Small knowledge, big challenge! This paper is participating in theEssentials for programmers”Creative activities
preface
In many cases, the data rendered dynamically by JS is not directly returned to the plaintext, but is processed by some encryption algorithms, resulting in the failure to obtain the correct data. To do this, we can implement a true visible crawl using Selenium automated testing framework that simulates a browser.
The principle of
Selenium does this by mimicking browser behavior by opening a browser and then executing action events that our implementation has set up.
version
Selenium exists in two different versions
Selenium RC, Remote Control: The traditional Selenium framework. Selenium Webdriver: A new automated interface that breaks through some of the limitations of Selenium 1.
The version we commonly use is Selenium Webdriver, which will be selected in the next section.
process
- The driver created and sent to the browser;
- The driver contains an HTTP Server for receiving HTTP requests;
- The HTTP Server manipulates the browser to perform steps based on the request;
- The browser returns the step execution result to the HTTP Server.

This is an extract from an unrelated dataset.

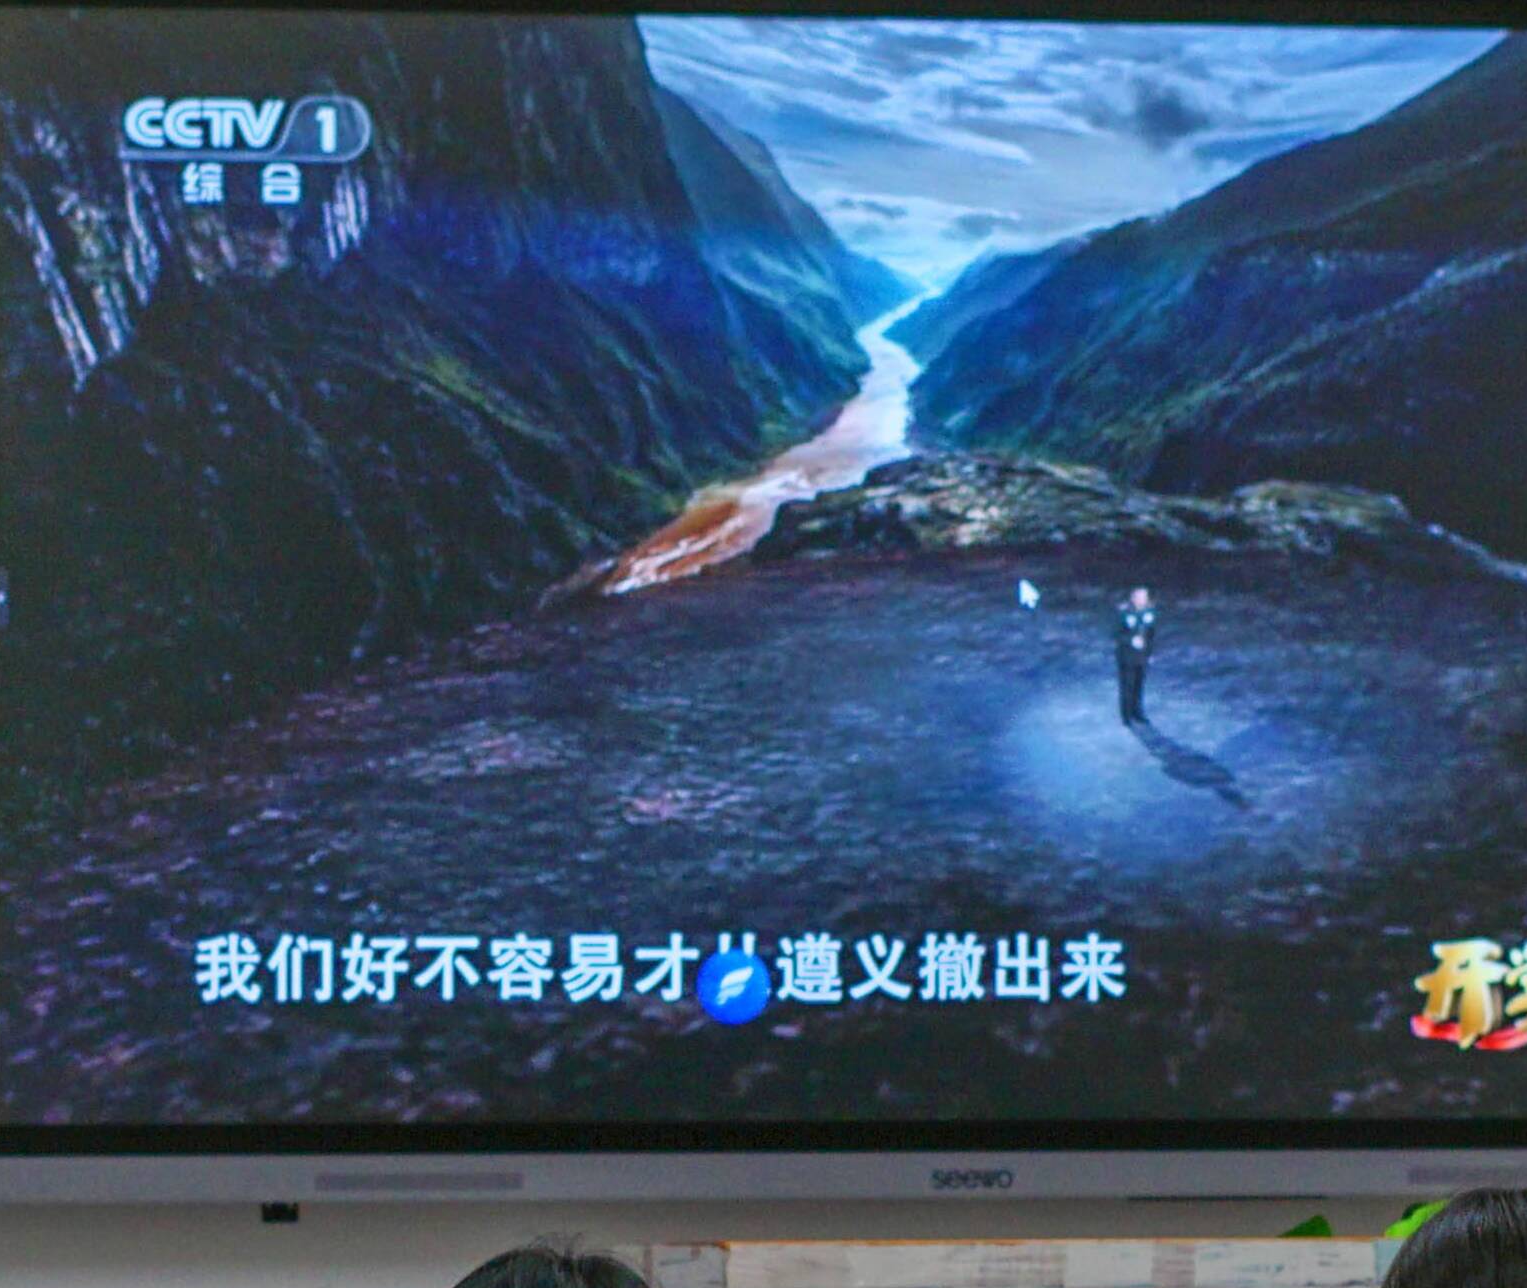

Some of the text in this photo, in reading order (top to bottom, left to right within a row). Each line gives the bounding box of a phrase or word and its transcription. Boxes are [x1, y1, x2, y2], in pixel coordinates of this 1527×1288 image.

- The HTTP Server returns the results to Selenium scripts.
The installation
- To install selenium library
Execute the following commands:
pip install selenium
Copy the code
- Installing the Chrome Driver
(Windows only) Download the driver for ChromeDrive. exe and copy it to python or env scripts.
use
from selenium import webdriver
from selenium.webdriver.chrome.options import Options from bs4 import BeautifulSoup
url = r"https://juejin.cn/"
chrome_options = Options()
chrome_options.add_argument('--headless')
chrome_options.add_argument('--disable-gpu')
driver = webdriver.Chrome(chrome_options=chrome_options)
driver.get(url)
html = driver.page_source
soup=BeautifulSoup(html,"lxml")
BeautifulSoup is used for extraction
Copy the code
conclusion
The advantage of Selenium is that it can wait to load via sleep, thus ignoring the logic on JS. But it also has a fatal disadvantage: it is easy to detect, so its use is limited.